Coût total de l’essai clinique : 210 millions de dollars. MVI, qui gère le partage des risques entre sociétés donatrices, entreprises privées de biotechnologie-pharmacologie et laboratoires publics, a reçu pour le projet RTS,S, ces deux dernières années, 175 millions de dollars. GSK, pour sa part, annonce qu’il prendra sur la commercialisation du vaccin une marge bénéficiaire de 5 % du coût de production.

La suite ? En fonction des résultats définitifs de l’étude et du temps nécessaire aux autorisations réglementaires de l’OMS, la production industrielle du RTS,S pourrait commencer d’ici cinq ans environ. Mais obtenir le feu vert pour entamer la commercialisation d’un vaccin est une chose, assurer sa diffusion et sa bonne administration sur le continent africain en est une autre.

C’est pourquoi l’OMS et MVI travaillent d’ores et déjà en partenariat avec les ministères de la santé de plusieurs Etats, afin d’établir un cadre décisionnel visant à une mise en oeuvre efficace des futures campagnes de vaccination. Plus efficace, en tout cas, que celle contre l’hépatite B qui a mis une quinzaine d’années avant d’être rodée.


La nocivité croissante de « Plasmodium vivax »: Le paludisme est dû au parasite Plasmodium dont il existe deux principales espèces : Plasmodium falciparum, très présent et mortel en Afrique ; et Plasmodium vivax, majoritaire en Asie et en Amérique du Sud.

Jusqu’à présent, les données épidémiologiques montraient que P. vivax ne pouvait pas infecter les personnes dont les globules rouges ne possédaient pas à leur surface une certaine protéine, dite Duffy. Les populations de groupe sanguin Duffy-négatif étaient considérées comme naturellement protégées contre l’infection par P. vivax.

Mauvaise nouvelle : cette assertion n’était pas – ou n’est plus – exacte. Des chercheurs viennent de montrer que le parasite P. vivax est capable d’infecter des populations considérées jusqu’à présent comme protégées du fait de leur groupe sanguin.
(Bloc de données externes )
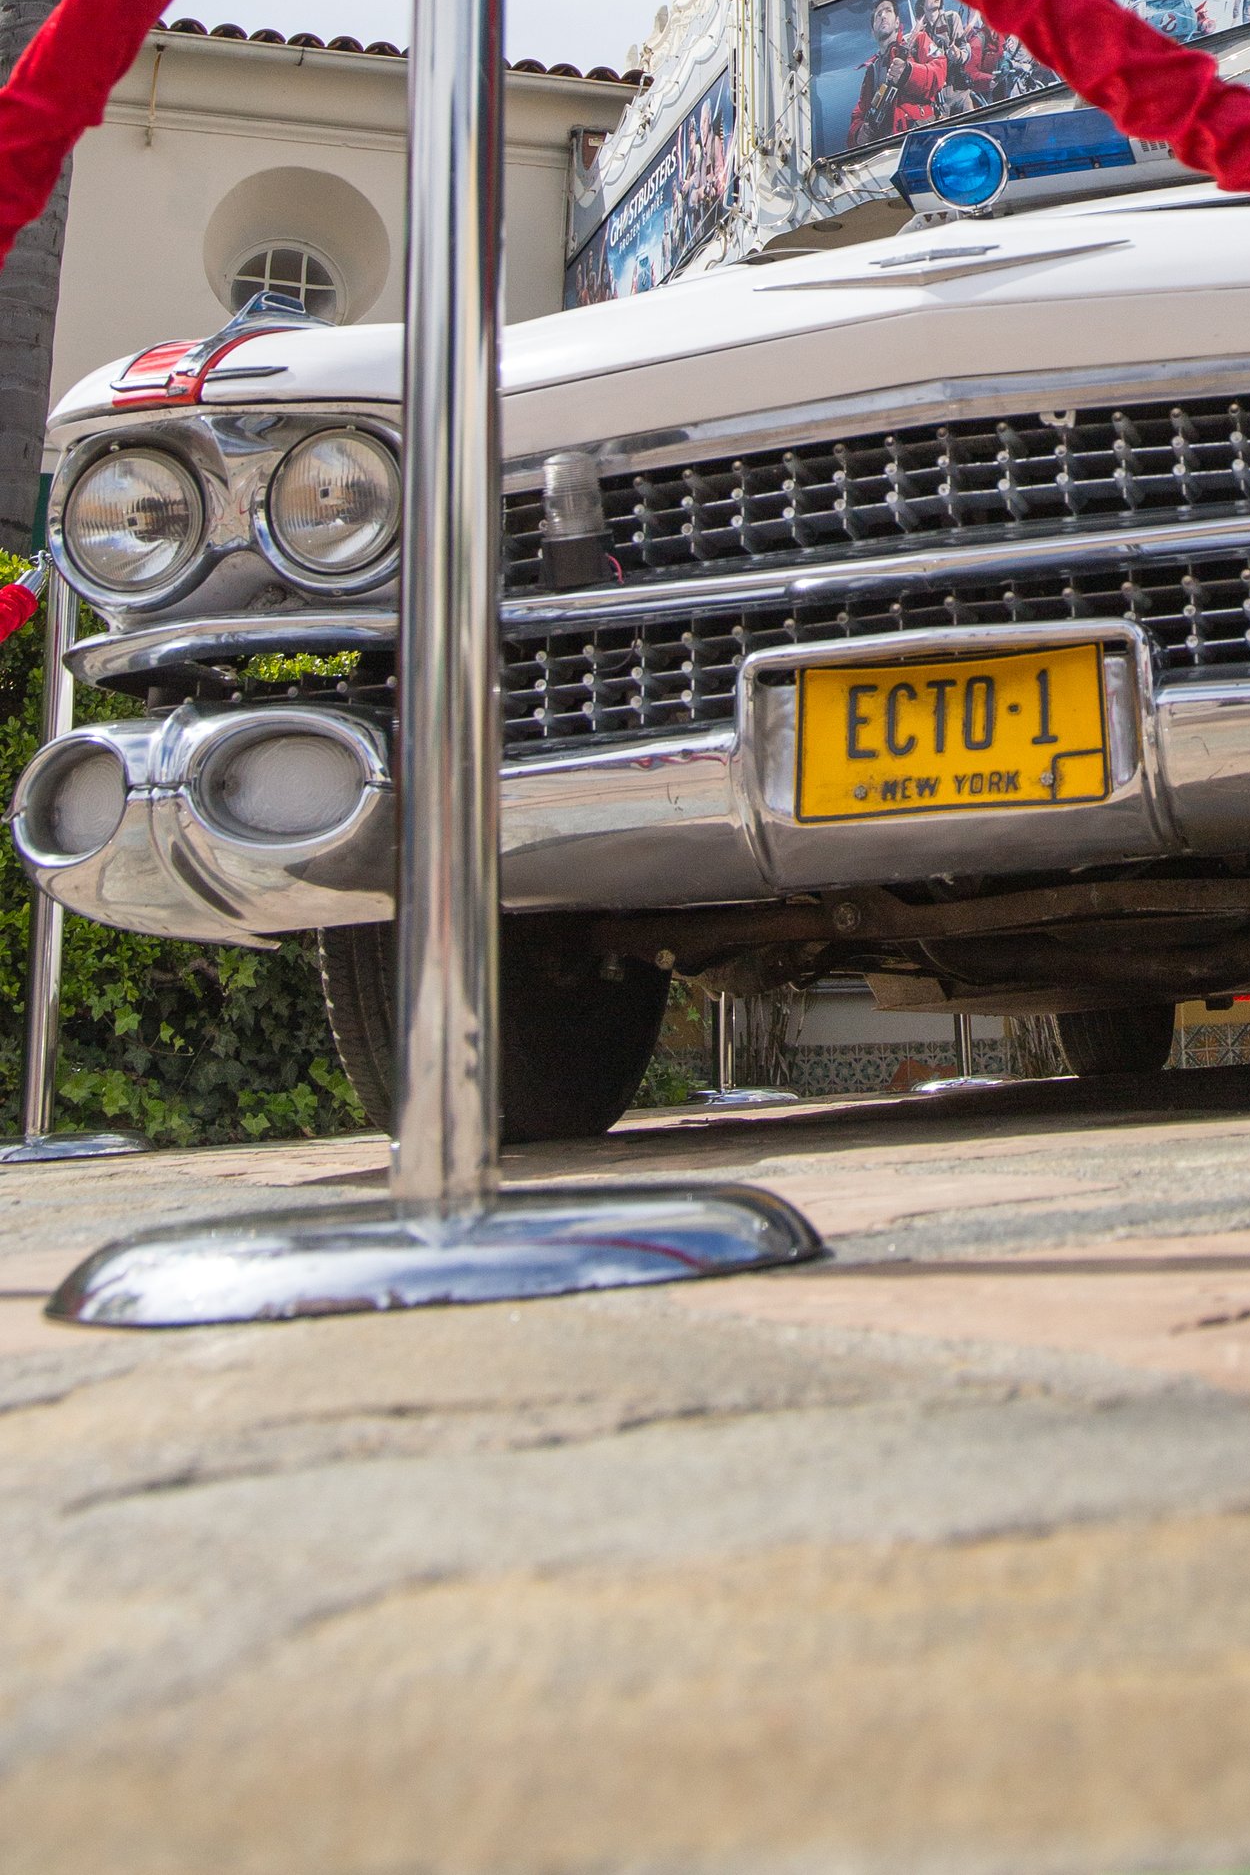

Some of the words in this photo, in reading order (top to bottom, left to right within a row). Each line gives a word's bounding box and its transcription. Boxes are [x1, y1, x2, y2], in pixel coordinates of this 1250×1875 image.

Publiée le 11 mars sur le site Internet de la revue Proceedings of the National Academy of Sciences (PNAS) par une équipe internationale impliquant des équipes malgaches, américaines et françaises (Institut Pasteur de Paris), cette découverte pourrait remettre en question certaines stratégies de vaccination – mais pas celle du RTS,S -. Elle alerte aussi sur une possible progression du parasite P. vivax dans des régions du monde où il était absent.